Having seen The Sound of Music several times over the years, I have learned a lot about attitude – starting with the above-mentioned song about confidence. I was reminded of that in my short reverie this morning and so got up determined to face the day in a positive way. Downstairs I encountered two of my three housemates who had been up maybe longer than the birds – one having already accomplished preliminary tasks that would allow her to concentrate next on what is central to her major plan of the day and the other whose response to a needy phone call of yesterday had allowed her to formulate a plan much larger than the requesting person could have imagined. The most amazing thing about my encounters with all this news was just a smile, knowing that difference does not mean distress and that we are now free to live our commitments as we can and use our energy for the highest good of ourselves and all others.

I practically laughed aloud when I returned to do the one task that is not discriminated by the day of the week. (This blog is a discipline that marks my days, much as the horarium of yesteryear gave shape to everything.) It is all a question of listening to God speaking through whatever is in front of us.
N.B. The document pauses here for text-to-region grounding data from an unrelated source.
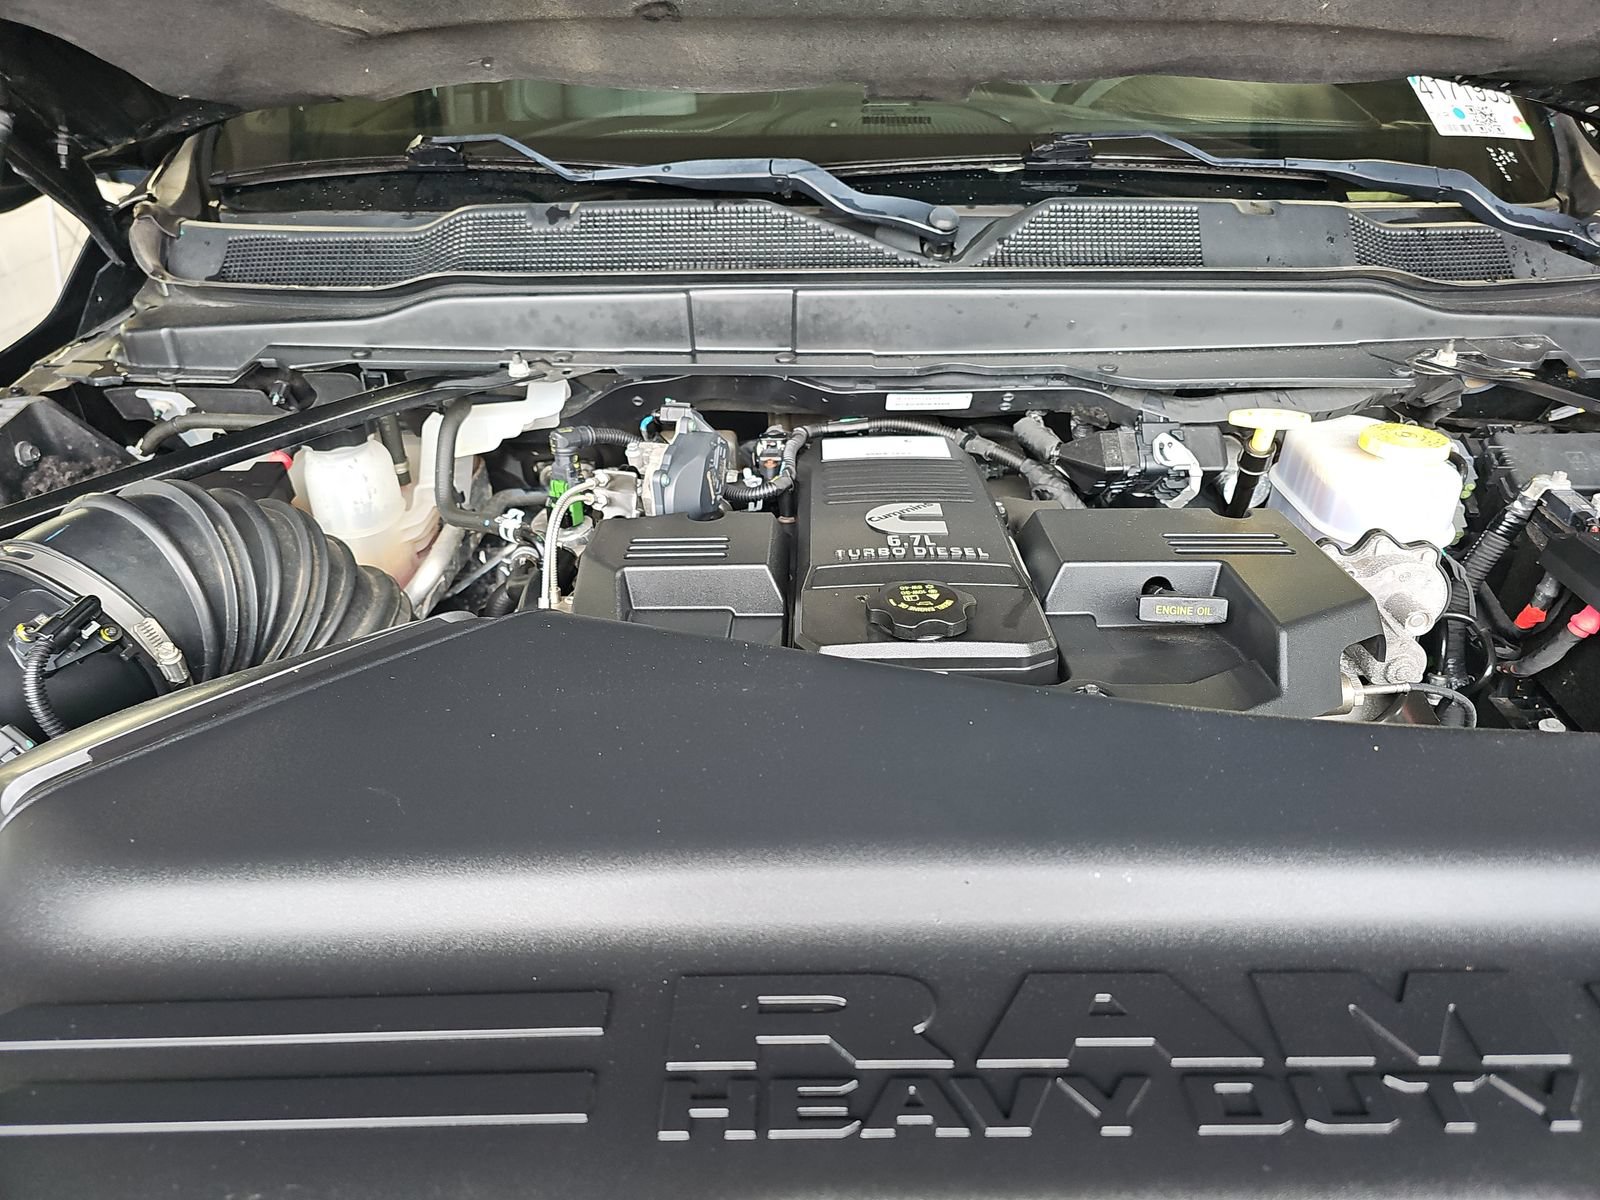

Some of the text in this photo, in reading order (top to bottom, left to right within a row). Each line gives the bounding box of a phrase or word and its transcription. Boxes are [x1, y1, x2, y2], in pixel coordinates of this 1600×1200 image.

[868, 502, 935, 523] Cummins
[887, 534, 936, 547] 6.7L
[835, 547, 990, 560] TURBO DIESEL
[1155, 605, 1213, 616] ENGINE OIL
[665, 968, 1573, 1072] RAM
[657, 1070, 1584, 1142] HEAVY DUTY
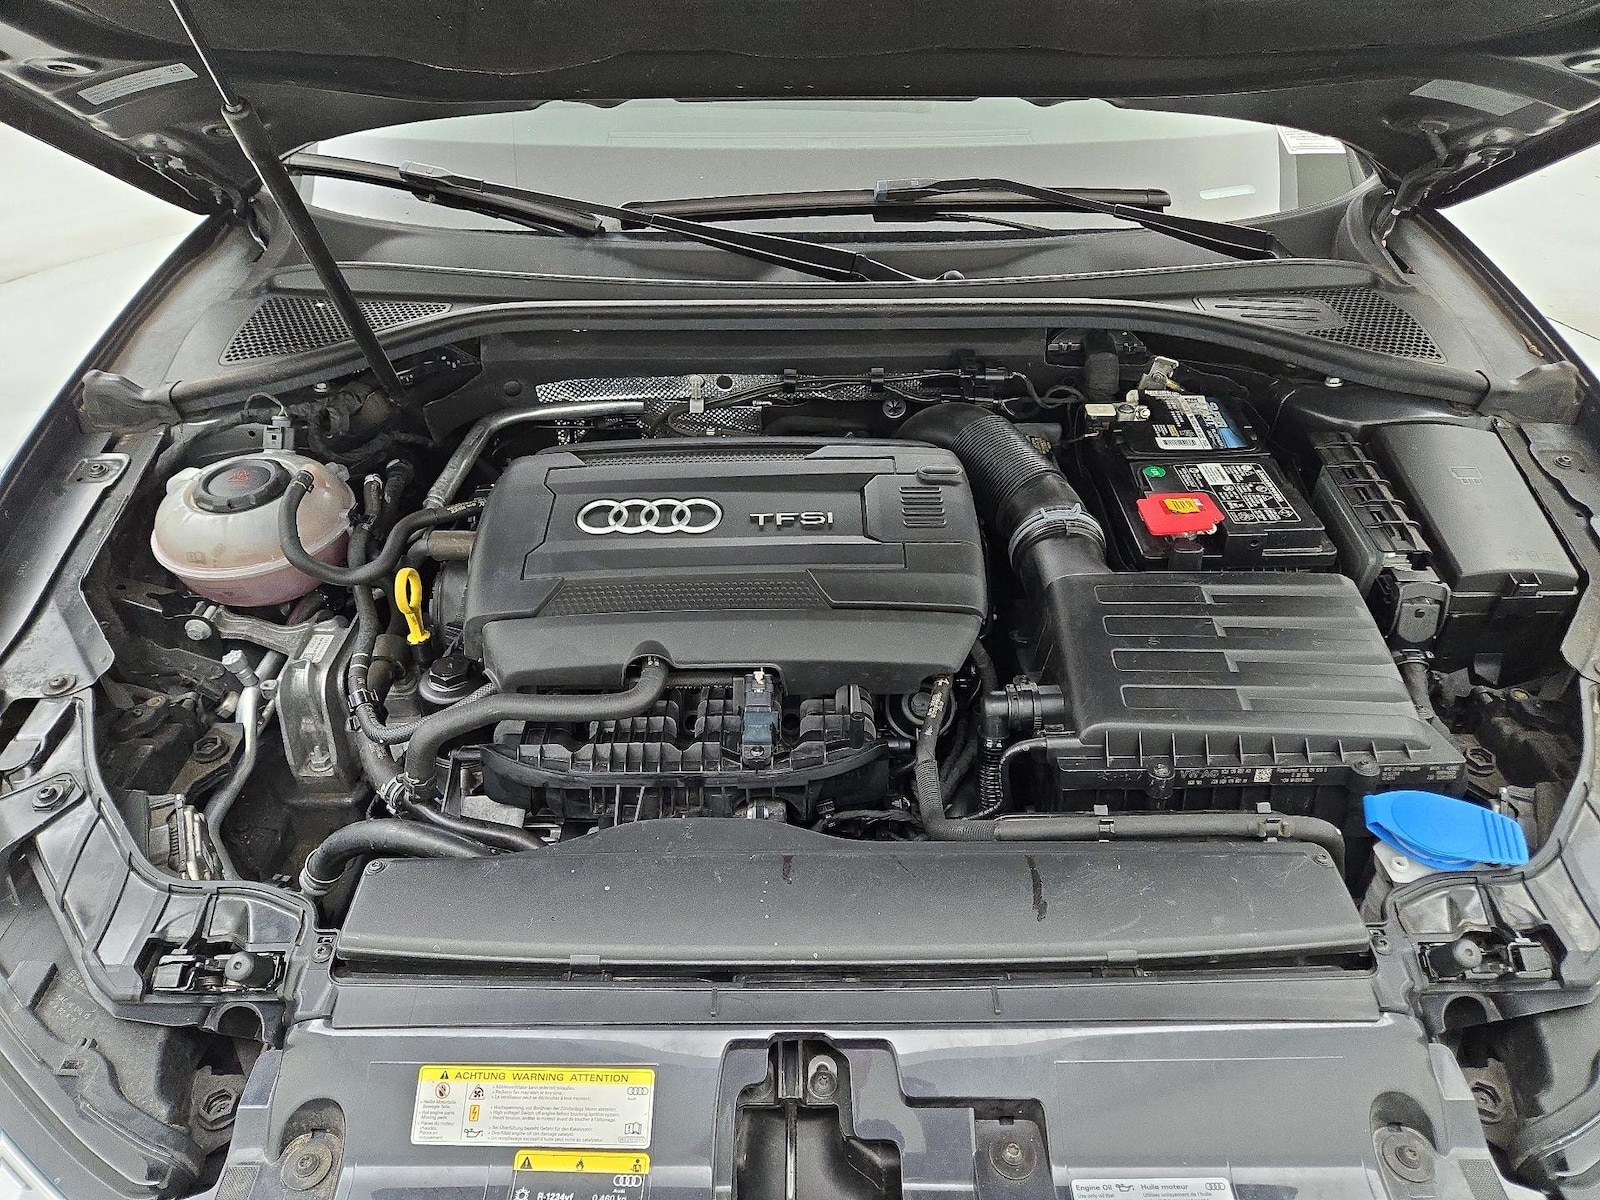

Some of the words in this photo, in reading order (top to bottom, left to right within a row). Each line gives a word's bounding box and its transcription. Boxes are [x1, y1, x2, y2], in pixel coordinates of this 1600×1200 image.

Each one of the readings told me that this morning. How can I not proceed in delight?!

  1. EX 24:3-8. When Moses came to the people and related the words and ordinances of the Lord, they all answered with one voice, “We will do everything that the Lord has told us.”
  2. PS 50:1-2, 14. God the Lord has spoken and summoned the earth, from the rising of the sun to its setting. From Zion, perfect in beauty, God shines forth…Offer to God praise as your sacrifice and fulfill your vows to the Most High…
  3. LK 10: 38-42. Jesus entered a village where a woman whose name was Martha welcomed him. She had a sister named Mary who sat beside the Lord at his feet listening to him speak. Martha, burdened with much serving, came to him and said, “Lord, do you not care that my sister has left me by myself to do the serving? Tell her to help me.” The Lord said to her in reply, “Martha, Martha, you are anxious and worried about many things. There is need of only one thing. Mary has chosen the better part and it will not be taken from her.”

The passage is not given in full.